Instructions to follow:
Reproduce every record exactly as written.
━━━━━━━━━━━━━━━━
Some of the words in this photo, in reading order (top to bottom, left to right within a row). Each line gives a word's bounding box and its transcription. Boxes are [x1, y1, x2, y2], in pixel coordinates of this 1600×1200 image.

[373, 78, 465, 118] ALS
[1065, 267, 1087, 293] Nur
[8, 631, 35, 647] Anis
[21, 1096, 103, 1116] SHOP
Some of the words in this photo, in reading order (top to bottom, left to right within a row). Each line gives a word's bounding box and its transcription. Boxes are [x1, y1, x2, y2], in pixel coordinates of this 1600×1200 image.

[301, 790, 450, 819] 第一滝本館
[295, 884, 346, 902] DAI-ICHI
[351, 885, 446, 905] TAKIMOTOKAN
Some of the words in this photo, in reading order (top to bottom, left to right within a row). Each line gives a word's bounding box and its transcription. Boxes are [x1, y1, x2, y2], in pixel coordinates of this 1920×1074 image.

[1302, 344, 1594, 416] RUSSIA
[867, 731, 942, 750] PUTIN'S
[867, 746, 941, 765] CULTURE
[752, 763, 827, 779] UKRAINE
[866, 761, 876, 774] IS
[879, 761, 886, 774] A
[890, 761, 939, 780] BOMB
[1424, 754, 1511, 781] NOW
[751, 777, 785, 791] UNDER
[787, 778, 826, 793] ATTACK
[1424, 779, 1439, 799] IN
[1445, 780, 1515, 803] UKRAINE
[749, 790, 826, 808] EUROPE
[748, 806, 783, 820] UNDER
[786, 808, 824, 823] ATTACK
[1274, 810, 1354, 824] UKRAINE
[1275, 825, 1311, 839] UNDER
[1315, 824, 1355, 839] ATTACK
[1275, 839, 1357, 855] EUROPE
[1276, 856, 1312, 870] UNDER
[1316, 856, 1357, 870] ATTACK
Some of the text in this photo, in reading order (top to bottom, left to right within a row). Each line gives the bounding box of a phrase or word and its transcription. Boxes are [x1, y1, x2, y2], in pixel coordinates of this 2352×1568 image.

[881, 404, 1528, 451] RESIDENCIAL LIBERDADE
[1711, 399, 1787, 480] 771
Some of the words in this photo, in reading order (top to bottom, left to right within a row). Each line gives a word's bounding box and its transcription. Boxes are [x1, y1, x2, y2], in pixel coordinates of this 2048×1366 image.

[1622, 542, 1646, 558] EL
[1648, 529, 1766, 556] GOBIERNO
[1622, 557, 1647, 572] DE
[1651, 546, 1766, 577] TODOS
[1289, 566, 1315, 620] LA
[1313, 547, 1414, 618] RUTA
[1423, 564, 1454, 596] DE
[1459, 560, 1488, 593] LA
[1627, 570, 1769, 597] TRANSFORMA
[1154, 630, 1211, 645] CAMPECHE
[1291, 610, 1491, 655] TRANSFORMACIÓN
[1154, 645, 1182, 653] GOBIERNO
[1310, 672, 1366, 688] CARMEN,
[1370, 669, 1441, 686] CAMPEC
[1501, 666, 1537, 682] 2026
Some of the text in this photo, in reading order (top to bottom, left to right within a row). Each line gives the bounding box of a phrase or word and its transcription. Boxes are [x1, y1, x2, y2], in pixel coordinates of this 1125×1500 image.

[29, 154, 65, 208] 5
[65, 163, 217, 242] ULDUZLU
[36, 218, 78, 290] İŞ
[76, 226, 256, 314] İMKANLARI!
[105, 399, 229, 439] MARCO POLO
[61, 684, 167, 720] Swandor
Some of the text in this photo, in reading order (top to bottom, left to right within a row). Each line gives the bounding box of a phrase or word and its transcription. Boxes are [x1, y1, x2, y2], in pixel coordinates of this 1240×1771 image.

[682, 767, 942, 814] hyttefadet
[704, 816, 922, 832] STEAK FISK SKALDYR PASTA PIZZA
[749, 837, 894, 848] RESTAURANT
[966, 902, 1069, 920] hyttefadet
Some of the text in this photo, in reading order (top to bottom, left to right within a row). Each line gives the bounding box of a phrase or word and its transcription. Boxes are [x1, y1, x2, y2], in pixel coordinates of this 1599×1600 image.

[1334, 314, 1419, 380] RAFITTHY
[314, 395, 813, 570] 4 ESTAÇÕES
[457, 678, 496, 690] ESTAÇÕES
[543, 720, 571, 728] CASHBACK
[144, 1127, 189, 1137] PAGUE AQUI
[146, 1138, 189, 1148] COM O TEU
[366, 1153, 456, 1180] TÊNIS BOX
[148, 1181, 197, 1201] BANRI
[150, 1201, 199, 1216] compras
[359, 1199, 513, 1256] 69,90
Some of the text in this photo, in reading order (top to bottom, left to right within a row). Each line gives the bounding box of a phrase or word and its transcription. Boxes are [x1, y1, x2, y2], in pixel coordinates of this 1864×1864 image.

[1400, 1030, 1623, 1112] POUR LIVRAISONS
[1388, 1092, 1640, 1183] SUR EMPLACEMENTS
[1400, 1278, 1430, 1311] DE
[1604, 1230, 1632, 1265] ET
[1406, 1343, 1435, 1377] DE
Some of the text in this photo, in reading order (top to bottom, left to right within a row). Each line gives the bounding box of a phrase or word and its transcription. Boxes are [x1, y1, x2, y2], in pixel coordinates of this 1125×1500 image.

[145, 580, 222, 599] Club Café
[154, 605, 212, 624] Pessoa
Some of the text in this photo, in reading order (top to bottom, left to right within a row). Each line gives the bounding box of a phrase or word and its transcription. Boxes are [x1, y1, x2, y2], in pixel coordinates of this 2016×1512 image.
━━━━━━━━━━━━━━━━
Task output:
Some of the words in this photo, in reading order (top to bottom, left to right within a row). Each line gives a word's bounding box and its transcription. Boxes are [x1, y1, x2, y2], in pixel coordinates of this 1600×1200 image.

[373, 78, 465, 118] ALS
[1065, 267, 1087, 293] Nur
[8, 631, 35, 647] Anis
[21, 1096, 103, 1116] SHOP
Some of the words in this photo, in reading order (top to bottom, left to right within a row). Each line gives a word's bounding box and its transcription. Boxes are [x1, y1, x2, y2], in pixel coordinates of this 1600×1200 image.

[301, 790, 450, 819] 第一滝本館
[295, 884, 346, 902] DAI-ICHI
[351, 885, 446, 905] TAKIMOTOKAN
Some of the words in this photo, in reading order (top to bottom, left to right within a row). Each line gives a word's bounding box and its transcription. Boxes are [x1, y1, x2, y2], in pixel coordinates of this 1920×1074 image.

[1302, 344, 1594, 416] RUSSIA
[867, 731, 942, 750] PUTIN'S
[867, 746, 941, 765] CULTURE
[752, 763, 827, 779] UKRAINE
[866, 761, 876, 774] IS
[879, 761, 886, 774] A
[890, 761, 939, 780] BOMB
[1424, 754, 1511, 781] NOW
[751, 777, 785, 791] UNDER
[787, 778, 826, 793] ATTACK
[1424, 779, 1439, 799] IN
[1445, 780, 1515, 803] UKRAINE
[749, 790, 826, 808] EUROPE
[748, 806, 783, 820] UNDER
[786, 808, 824, 823] ATTACK
[1274, 810, 1354, 824] UKRAINE
[1275, 825, 1311, 839] UNDER
[1315, 824, 1355, 839] ATTACK
[1275, 839, 1357, 855] EUROPE
[1276, 856, 1312, 870] UNDER
[1316, 856, 1357, 870] ATTACK
Some of the text in this photo, in reading order (top to bottom, left to right within a row). Each line gives the bounding box of a phrase or word and its transcription. Boxes are [x1, y1, x2, y2], in pixel coordinates of this 2352×1568 image.

[881, 404, 1528, 451] RESIDENCIAL LIBERDADE
[1711, 399, 1787, 480] 771
Some of the words in this photo, in reading order (top to bottom, left to right within a row). Each line gives a word's bounding box and its transcription. Boxes are [x1, y1, x2, y2], in pixel coordinates of this 2048×1366 image.

[1622, 542, 1646, 558] EL
[1648, 529, 1766, 556] GOBIERNO
[1622, 557, 1647, 572] DE
[1651, 546, 1766, 577] TODOS
[1289, 566, 1315, 620] LA
[1313, 547, 1414, 618] RUTA
[1423, 564, 1454, 596] DE
[1459, 560, 1488, 593] LA
[1627, 570, 1769, 597] TRANSFORMA
[1154, 630, 1211, 645] CAMPECHE
[1291, 610, 1491, 655] TRANSFORMACIÓN
[1154, 645, 1182, 653] GOBIERNO
[1310, 672, 1366, 688] CARMEN,
[1370, 669, 1441, 686] CAMPEC
[1501, 666, 1537, 682] 2026
Some of the text in this photo, in reading order (top to bottom, left to right within a row). Each line gives the bounding box of a phrase or word and its transcription. Boxes are [x1, y1, x2, y2], in pixel coordinates of this 1125×1500 image.

[29, 154, 65, 208] 5
[65, 163, 217, 242] ULDUZLU
[36, 218, 78, 290] İŞ
[76, 226, 256, 314] İMKANLARI!
[105, 399, 229, 439] MARCO POLO
[61, 684, 167, 720] Swandor
Some of the text in this photo, in reading order (top to bottom, left to right within a row). Each line gives the bounding box of a phrase or word and its transcription. Boxes are [x1, y1, x2, y2], in pixel coordinates of this 1240×1771 image.

[682, 767, 942, 814] hyttefadet
[704, 816, 922, 832] STEAK FISK SKALDYR PASTA PIZZA
[749, 837, 894, 848] RESTAURANT
[966, 902, 1069, 920] hyttefadet
Some of the text in this photo, in reading order (top to bottom, left to right within a row). Each line gives the bounding box of a phrase or word and its transcription. Boxes are [x1, y1, x2, y2], in pixel coordinates of this 1599×1600 image.

[1334, 314, 1419, 380] RAFITTHY
[314, 395, 813, 570] 4 ESTAÇÕES
[457, 678, 496, 690] ESTAÇÕES
[543, 720, 571, 728] CASHBACK
[144, 1127, 189, 1137] PAGUE AQUI
[146, 1138, 189, 1148] COM O TEU
[366, 1153, 456, 1180] TÊNIS BOX
[148, 1181, 197, 1201] BANRI
[150, 1201, 199, 1216] compras
[359, 1199, 513, 1256] 69,90
Some of the text in this photo, in reading order (top to bottom, left to right within a row). Each line gives the bounding box of a phrase or word and its transcription. Boxes are [x1, y1, x2, y2], in pixel coordinates of this 1864×1864 image.

[1400, 1030, 1623, 1112] POUR LIVRAISONS
[1388, 1092, 1640, 1183] SUR EMPLACEMENTS
[1400, 1278, 1430, 1311] DE
[1604, 1230, 1632, 1265] ET
[1406, 1343, 1435, 1377] DE
Some of the text in this photo, in reading order (top to bottom, left to right within a row). Each line gives the bounding box of a phrase or word and its transcription. Boxes are [x1, y1, x2, y2], in pixel coordinates of this 1125×1500 image.

[145, 580, 222, 599] Club Café
[154, 605, 212, 624] Pessoa
Some of the text in this photo, in reading order (top to bottom, left to right within a row). Each line gives the bounding box of a phrase or word and its transcription. Boxes are [x1, y1, x2, y2], in pixel coordinates of this 2016×1512 image.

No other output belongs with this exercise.